Since 1960 the NFL constitution has banned community-owned franchises. The NBA, NHL and MLB have informally done the same thing. Franchise owners don’t want any more Green Bays out there proving that community ownership works. So, to empower the fans, we need federal legislation to overturn pro sports leagues’ ban on community ownership. The legislation would forbid any pro league from prohibiting the community ownership model. If a league did so, it would lose its antitrust privileges. Moreover, the legislation would require owners to give their communities 180 days’ notice of proposed relocation, during which time the community could put together an offer to retain the franchise.
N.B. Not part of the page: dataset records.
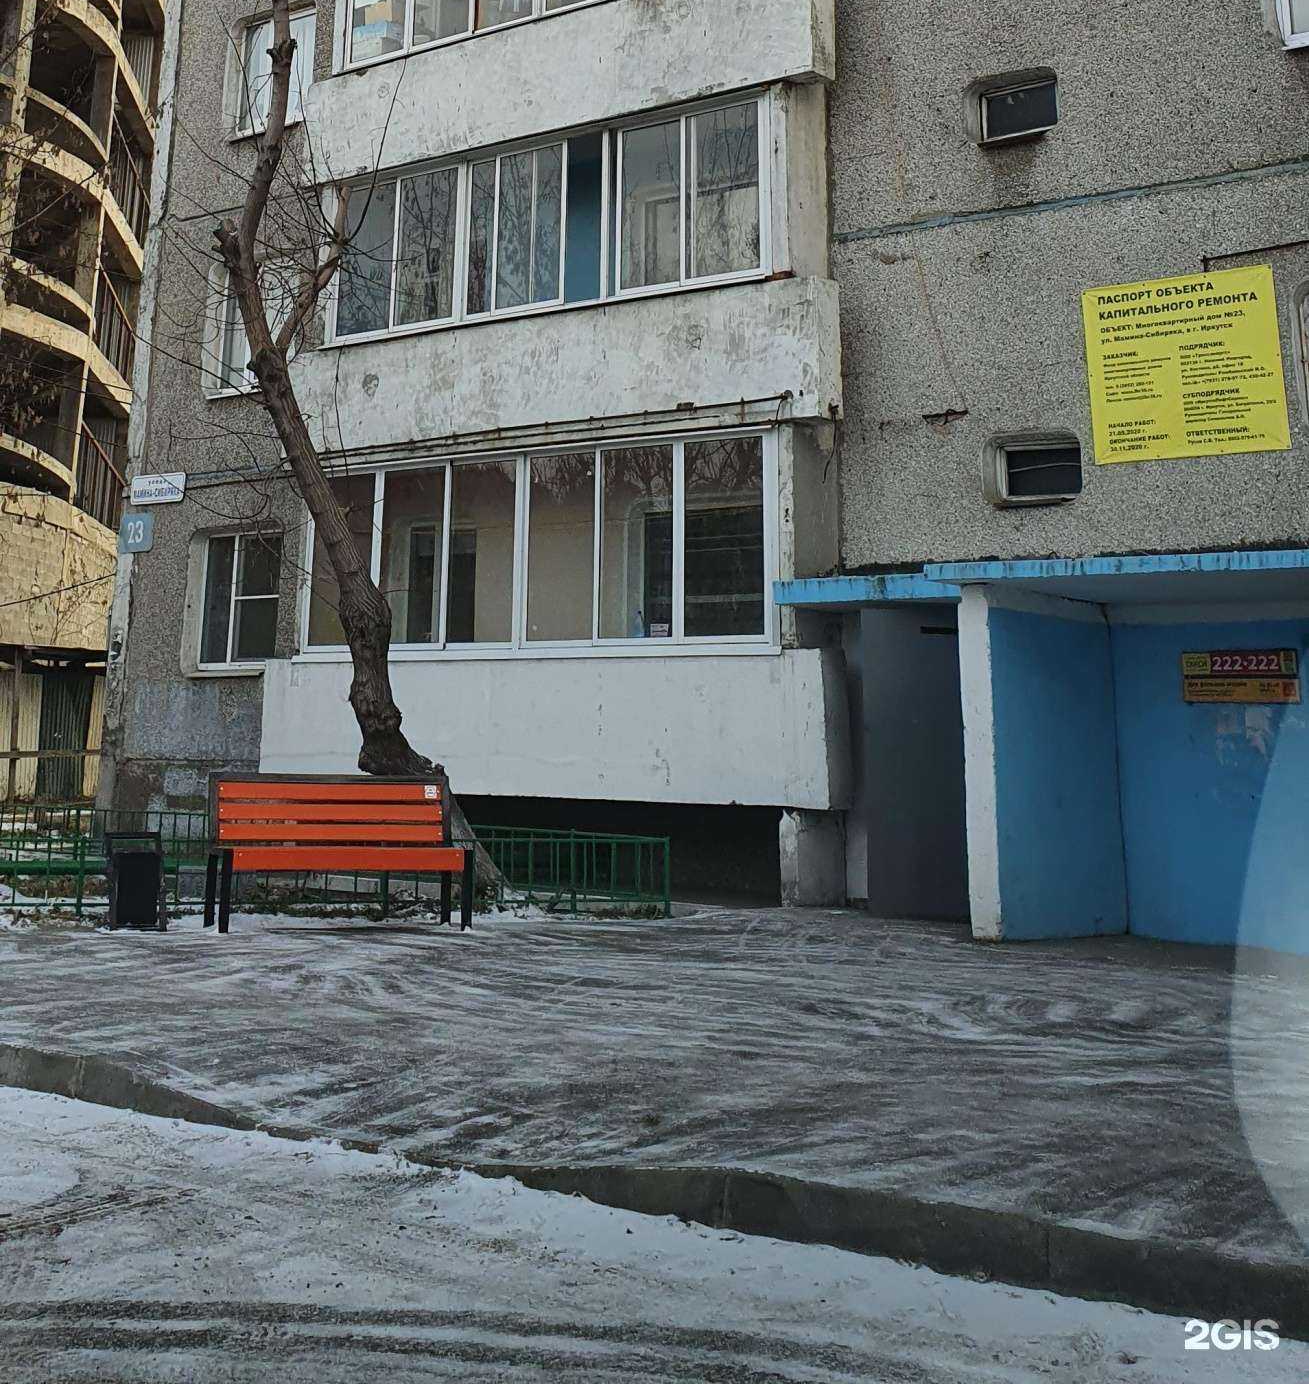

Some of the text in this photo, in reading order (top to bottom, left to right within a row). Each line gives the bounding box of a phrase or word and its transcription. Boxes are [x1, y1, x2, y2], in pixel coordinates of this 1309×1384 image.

[1098, 282, 1214, 305] ПАСПОРТ ОБЪЕКТА
[1099, 292, 1258, 320] КАПИТАЛЬНОГО РЕМОНТА
[1101, 324, 1133, 334] ОБЪЕКТ:
[1207, 313, 1221, 321] дом
[128, 521, 144, 543] 23
The city could buy the franchise at a fair appraised value and either run the franchise, find a local buyer who would agree to keep it in the city or sell it to fans via a stock offering.

Fans and other taxpayers would be the winners, and communities would save millions that could be used for real public works projects. This type of legislation wouldn’t require every pro franchise to be community-owned; it would just allow for the option—an option that would protect a city’s citizens.
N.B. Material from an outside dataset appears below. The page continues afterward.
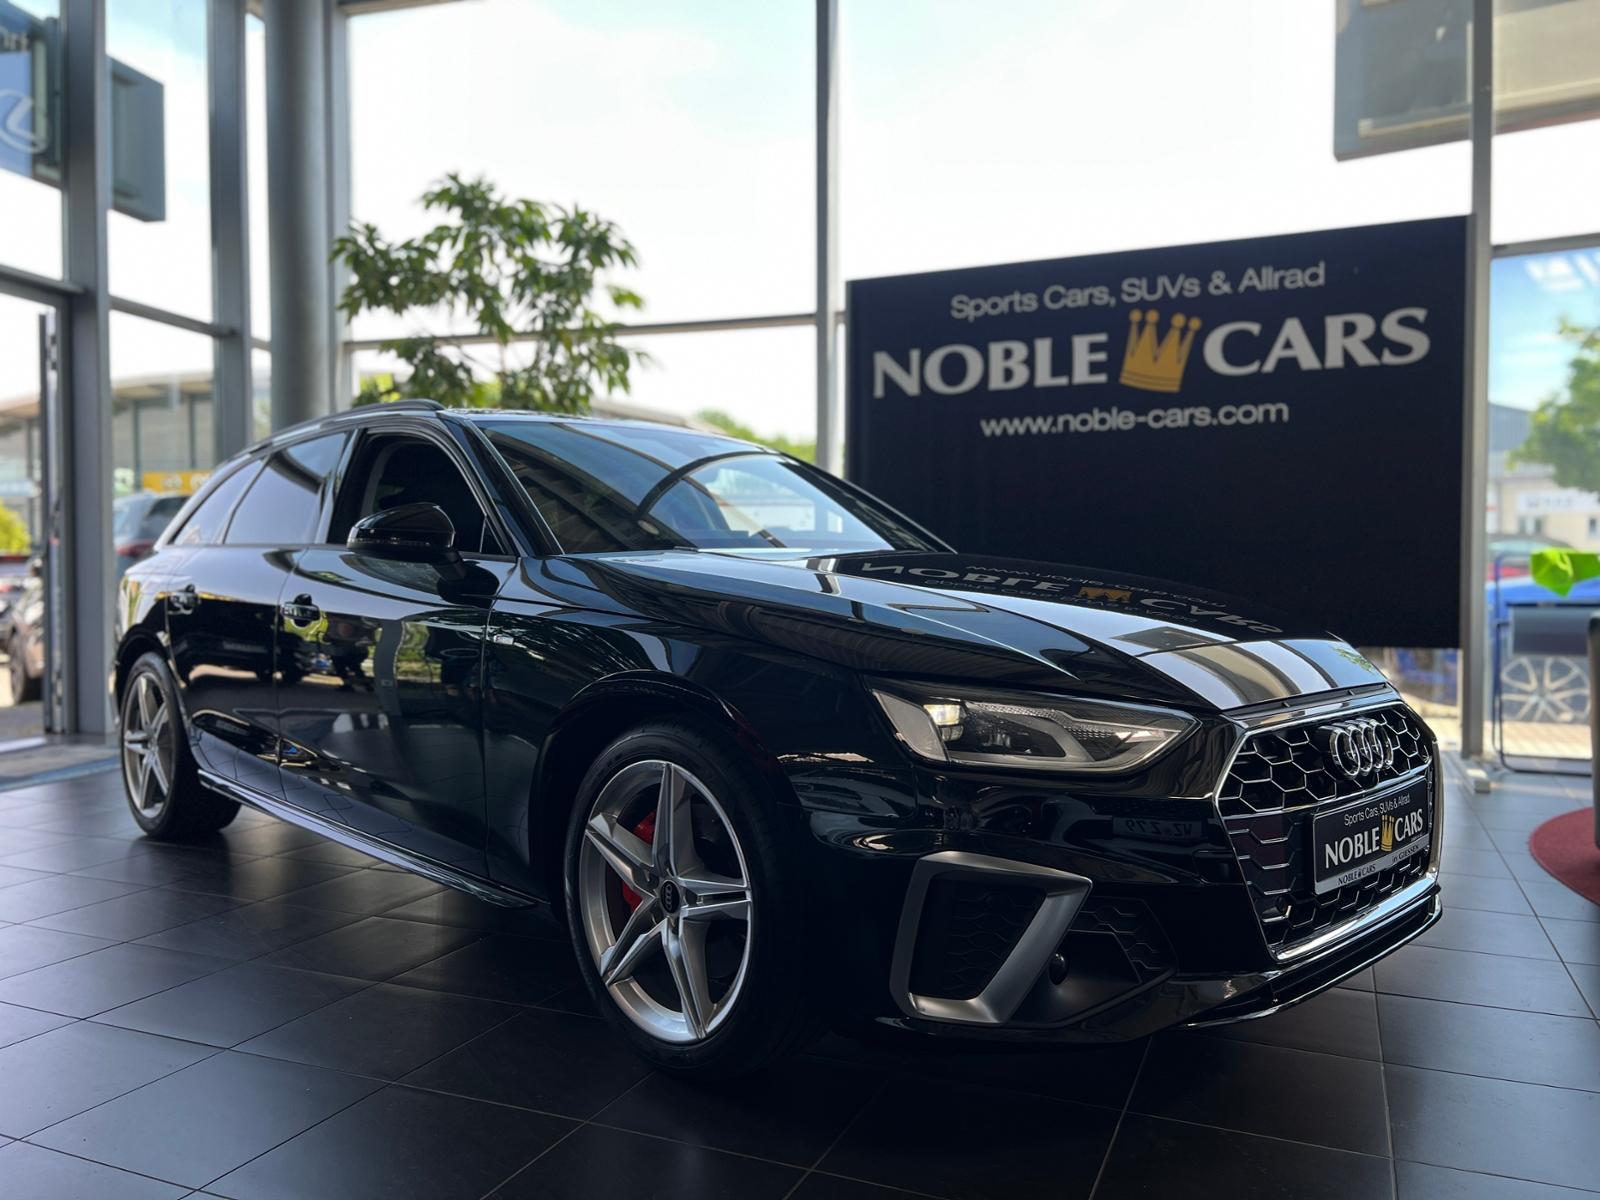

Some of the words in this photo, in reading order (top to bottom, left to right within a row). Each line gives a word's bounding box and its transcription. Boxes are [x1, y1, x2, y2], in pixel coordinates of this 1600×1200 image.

KEN REED, sports policy director
League of Fans
 


 

Stanford, Calif.

To say I am surprised is an understatement. I am deeply disappointed, even shocked about the male dominance—presumably unconscious—in The Nation’s second sports issue in 146 years. Of the fourteen vignettes of athletes, only one is about a woman, and only a token three of their authors are women. Why didn’t this “leftist” sports issue include nostalgic memories of great women athletes who changed consciousness about women competitors: Billie Jean King beating Bobby Riggs, or Cathy Freeman’s Olympic performance?
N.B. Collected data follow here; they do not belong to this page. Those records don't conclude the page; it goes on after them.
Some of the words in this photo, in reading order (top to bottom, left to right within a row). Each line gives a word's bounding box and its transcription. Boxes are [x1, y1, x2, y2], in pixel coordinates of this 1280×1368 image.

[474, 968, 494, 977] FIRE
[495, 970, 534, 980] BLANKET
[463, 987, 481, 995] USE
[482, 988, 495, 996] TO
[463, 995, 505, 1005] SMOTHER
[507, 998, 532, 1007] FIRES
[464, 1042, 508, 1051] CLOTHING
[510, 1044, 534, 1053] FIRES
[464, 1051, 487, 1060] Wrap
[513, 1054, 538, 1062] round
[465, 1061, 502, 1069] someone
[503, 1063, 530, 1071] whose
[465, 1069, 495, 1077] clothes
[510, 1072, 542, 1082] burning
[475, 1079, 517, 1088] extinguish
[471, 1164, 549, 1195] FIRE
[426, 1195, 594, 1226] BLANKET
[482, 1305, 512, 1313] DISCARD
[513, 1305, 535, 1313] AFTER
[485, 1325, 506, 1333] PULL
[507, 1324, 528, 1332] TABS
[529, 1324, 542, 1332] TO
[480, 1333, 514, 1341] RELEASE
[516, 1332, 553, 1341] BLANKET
One of the two articles about “women’s” sports focuses on roller derby, described by the author as “a blend of sport and spectacle.” Certainly not Mia Hamm and a mainstream sport like the Women’s World Cup. The second article about women is “Sex Sells Sex, Not Women’s Sports,” which bemoans Sports Illustrated’s hypersexualized images and lack of coverage of women’s sports. The author concludes that “showcasing sportswomen as physically gifted, mentally tough, grace-under-pressure athletes is what really does sell women’s sports.” So why are there no articles in the issue about these women athletes? The Williams sisters are an intriguing story, and there are many others about women athletes. Has Title IX really created a level playing field for women?

There is no mention of Jennifer Azzi or the corporate-sponsored demise of the American Basketball League and the second-class corporate support of the women’s NBA. Women’s salaries in professional basketball are a fraction of the men’s.

Are no women athletes worthy of public praise or no gender issues in need of The Nation’s “leftist” sports lens?

CAROL HUTNER WINOGRAD 


 

Washington, D.C.

A new ritual is taking place at Major League Baseball games in Washington, Baltimore and other big-league cities. Midway through the game, the announcer asks fans to stand and pay their respects to the Iraq and Afghanistan veterans attending the game. With patriotic music playing in the background, most fans dutifully stand and applaud the men and women who, it is widely recognized, have given so much to their country.

But is this seemingly innocent tribute to two “wars of choice” really so innocent, or in the best interests of the country? If baseball really wanted to provide a public service, perhaps teams would perform Ed McCurdy’s song, written in 1950, which goes in part:

“Last night I had the strangest dream/I’d ever dreamed before/I dreamed the world had all agreed/To put an end to war./
I dreamed I saw a mighty room/Filled with women and men/And the paper they were signing said/They’d never fight again.”

But this would be politicizing the national pastime. And we certainly would not want to do that.